> [EXERCISE OBJECTIVE] Only an exact repetition of the lines from the one that holds "this 1894×1080 image." to the end of the records is wanted.

Top of RECORDS FOR THE TASK

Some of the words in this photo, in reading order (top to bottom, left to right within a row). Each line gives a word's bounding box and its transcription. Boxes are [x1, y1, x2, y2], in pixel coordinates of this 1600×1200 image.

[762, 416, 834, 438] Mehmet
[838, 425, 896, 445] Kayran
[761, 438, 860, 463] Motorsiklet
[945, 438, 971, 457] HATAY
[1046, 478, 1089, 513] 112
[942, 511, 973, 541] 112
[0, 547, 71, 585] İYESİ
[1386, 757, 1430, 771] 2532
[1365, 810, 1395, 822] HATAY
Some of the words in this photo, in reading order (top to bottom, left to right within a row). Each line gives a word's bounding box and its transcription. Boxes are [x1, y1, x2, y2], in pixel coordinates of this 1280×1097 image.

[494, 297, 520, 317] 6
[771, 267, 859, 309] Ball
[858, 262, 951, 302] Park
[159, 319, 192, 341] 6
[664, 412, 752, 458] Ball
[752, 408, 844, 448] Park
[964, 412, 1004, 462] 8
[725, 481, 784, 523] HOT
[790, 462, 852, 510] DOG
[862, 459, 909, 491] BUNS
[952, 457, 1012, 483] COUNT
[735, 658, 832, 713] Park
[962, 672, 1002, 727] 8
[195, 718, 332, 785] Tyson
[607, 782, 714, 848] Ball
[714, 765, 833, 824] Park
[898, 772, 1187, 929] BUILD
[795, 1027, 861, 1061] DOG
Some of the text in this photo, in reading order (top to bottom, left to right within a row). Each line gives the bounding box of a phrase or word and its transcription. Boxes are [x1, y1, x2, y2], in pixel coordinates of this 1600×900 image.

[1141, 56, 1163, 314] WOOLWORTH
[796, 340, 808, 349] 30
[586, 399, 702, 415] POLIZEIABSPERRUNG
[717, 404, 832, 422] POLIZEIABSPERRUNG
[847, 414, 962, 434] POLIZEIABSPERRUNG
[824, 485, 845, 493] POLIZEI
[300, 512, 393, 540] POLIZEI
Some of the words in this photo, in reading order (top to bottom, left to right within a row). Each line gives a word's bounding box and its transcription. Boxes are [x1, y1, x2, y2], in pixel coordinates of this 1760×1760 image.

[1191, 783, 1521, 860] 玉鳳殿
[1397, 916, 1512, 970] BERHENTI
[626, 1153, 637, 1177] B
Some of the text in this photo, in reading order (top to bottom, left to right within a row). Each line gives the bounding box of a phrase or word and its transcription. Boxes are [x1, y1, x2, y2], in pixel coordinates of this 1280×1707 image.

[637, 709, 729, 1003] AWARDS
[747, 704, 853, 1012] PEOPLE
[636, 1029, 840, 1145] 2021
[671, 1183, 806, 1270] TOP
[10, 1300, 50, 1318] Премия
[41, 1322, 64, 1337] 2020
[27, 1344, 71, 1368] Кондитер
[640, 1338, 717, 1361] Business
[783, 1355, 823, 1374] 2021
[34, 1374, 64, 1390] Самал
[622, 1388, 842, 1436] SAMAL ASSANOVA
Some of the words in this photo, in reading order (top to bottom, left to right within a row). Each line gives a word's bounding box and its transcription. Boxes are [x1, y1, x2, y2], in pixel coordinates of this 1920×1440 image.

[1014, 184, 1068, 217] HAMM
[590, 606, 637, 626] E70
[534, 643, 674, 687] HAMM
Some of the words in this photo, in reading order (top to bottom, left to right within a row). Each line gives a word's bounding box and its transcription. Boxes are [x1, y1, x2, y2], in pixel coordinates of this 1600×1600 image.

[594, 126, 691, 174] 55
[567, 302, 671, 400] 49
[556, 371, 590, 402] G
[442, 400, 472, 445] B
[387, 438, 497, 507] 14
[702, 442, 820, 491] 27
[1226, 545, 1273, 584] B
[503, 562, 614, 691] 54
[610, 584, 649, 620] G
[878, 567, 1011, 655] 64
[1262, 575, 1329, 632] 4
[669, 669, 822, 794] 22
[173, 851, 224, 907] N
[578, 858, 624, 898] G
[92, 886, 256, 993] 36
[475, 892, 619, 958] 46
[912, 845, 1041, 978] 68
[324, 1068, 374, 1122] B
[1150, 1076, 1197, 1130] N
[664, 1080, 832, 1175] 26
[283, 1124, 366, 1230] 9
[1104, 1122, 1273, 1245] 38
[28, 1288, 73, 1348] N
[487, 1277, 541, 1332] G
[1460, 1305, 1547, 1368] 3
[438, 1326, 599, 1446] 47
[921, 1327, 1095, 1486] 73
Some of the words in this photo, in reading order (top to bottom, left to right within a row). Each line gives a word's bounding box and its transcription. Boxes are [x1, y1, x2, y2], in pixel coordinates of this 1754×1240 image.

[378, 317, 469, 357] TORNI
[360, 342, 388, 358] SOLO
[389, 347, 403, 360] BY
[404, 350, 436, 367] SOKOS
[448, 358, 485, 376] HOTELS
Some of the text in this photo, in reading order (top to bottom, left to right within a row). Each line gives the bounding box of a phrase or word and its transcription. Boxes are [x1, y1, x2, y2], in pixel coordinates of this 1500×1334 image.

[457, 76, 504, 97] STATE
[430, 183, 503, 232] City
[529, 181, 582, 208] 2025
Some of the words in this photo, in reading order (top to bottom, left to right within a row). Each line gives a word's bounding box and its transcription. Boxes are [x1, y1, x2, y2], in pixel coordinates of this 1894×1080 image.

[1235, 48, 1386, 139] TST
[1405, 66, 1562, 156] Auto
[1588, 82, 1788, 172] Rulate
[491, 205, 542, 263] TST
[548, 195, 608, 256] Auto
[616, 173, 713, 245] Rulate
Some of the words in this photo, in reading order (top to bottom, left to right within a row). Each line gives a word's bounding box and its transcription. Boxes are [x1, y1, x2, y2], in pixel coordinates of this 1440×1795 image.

Bottom of RECORDS FOR THE TASK

> [WRITTEN RESPONSE]
Some of the words in this photo, in reading order (top to bottom, left to right within a row). Each line gives a word's bounding box and its transcription. Boxes are [x1, y1, x2, y2], in pixel coordinates of this 1894×1080 image.

[1235, 48, 1386, 139] TST
[1405, 66, 1562, 156] Auto
[1588, 82, 1788, 172] Rulate
[491, 205, 542, 263] TST
[548, 195, 608, 256] Auto
[616, 173, 713, 245] Rulate
Some of the words in this photo, in reading order (top to bottom, left to right within a row). Each line gives a word's bounding box and its transcription. Boxes are [x1, y1, x2, y2], in pixel coordinates of this 1440×1795 image.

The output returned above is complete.